Saved entries
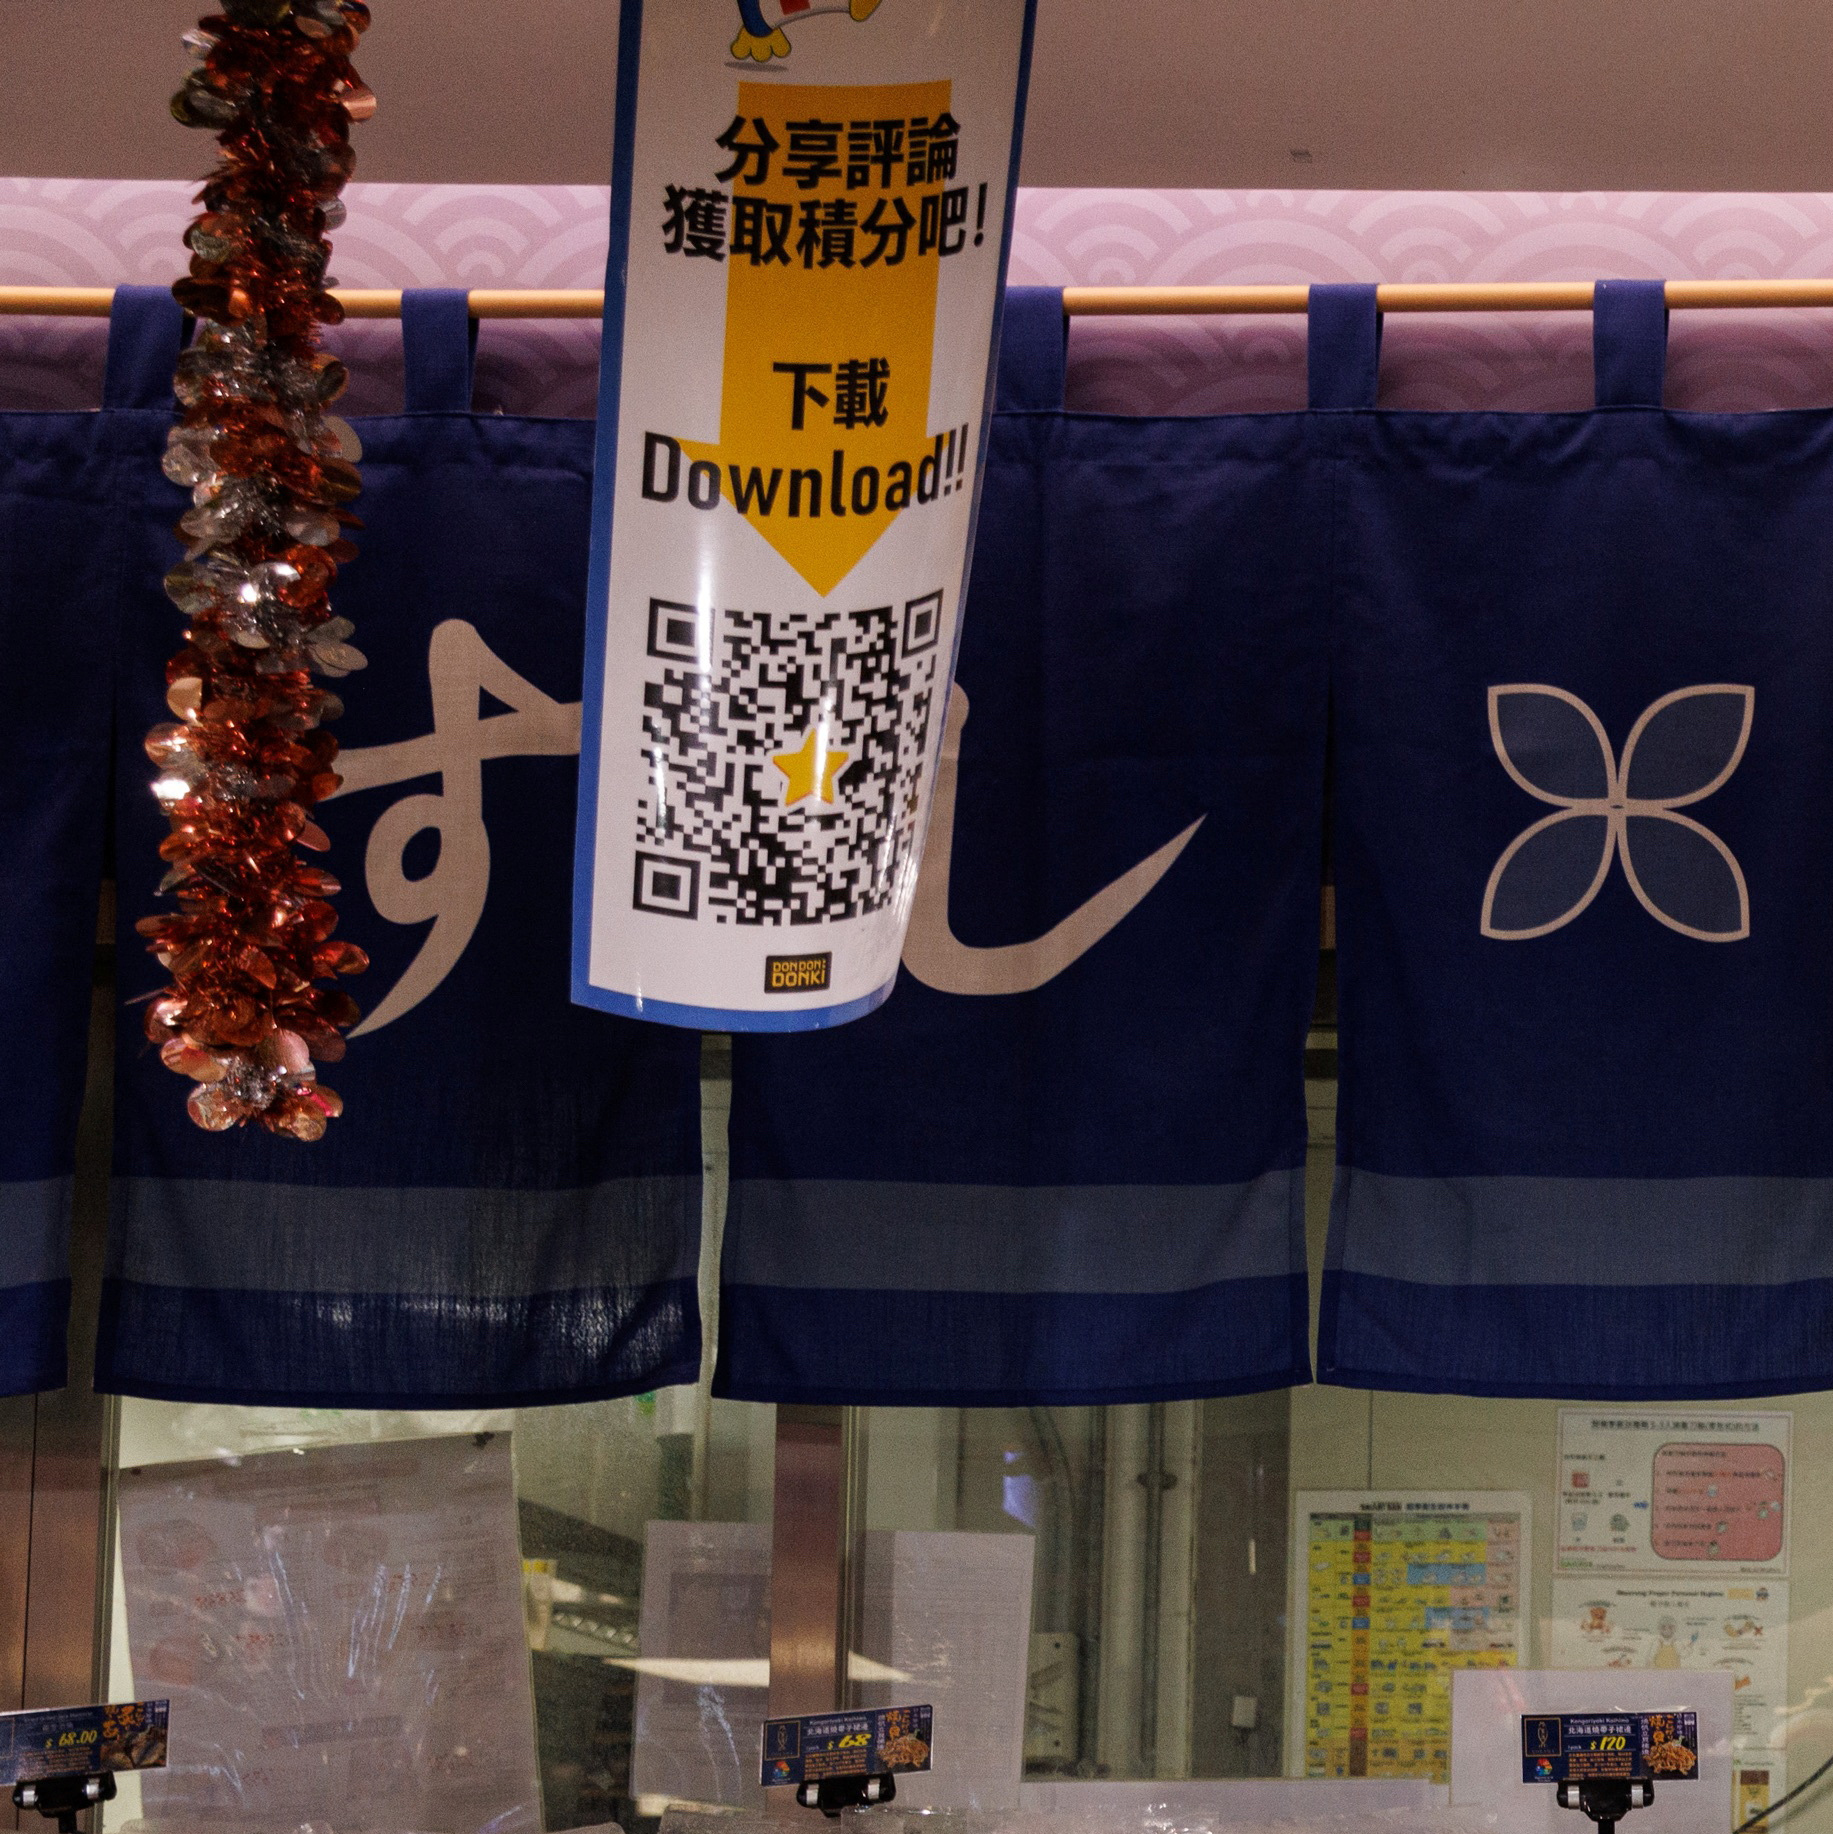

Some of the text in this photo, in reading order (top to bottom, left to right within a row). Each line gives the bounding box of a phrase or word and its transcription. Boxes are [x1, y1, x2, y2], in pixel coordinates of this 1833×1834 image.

[715, 114, 960, 191] 分享評論
[662, 182, 985, 268] 獲取積分吧!
[771, 357, 890, 433] 下載
[643, 423, 967, 518] Download!!
[59, 1728, 97, 1747] 68.00
[839, 1733, 872, 1748] 68
[1600, 1737, 1626, 1750] 120

Assignment: Please output every entry exactly as written, apart from the pictures.

Your solution:
Some of the text in this photo, in reading order (top to bottom, left to right within a row). Each line gives the bounding box of a phrase or word and its transcription. Boxes are [x1, y1, x2, y2], in pixel coordinates of this 1833×1834 image.

[715, 114, 960, 191] 分享評論
[662, 182, 985, 268] 獲取積分吧!
[771, 357, 890, 433] 下載
[643, 423, 967, 518] Download!!
[59, 1728, 97, 1747] 68.00
[839, 1733, 872, 1748] 68
[1600, 1737, 1626, 1750] 120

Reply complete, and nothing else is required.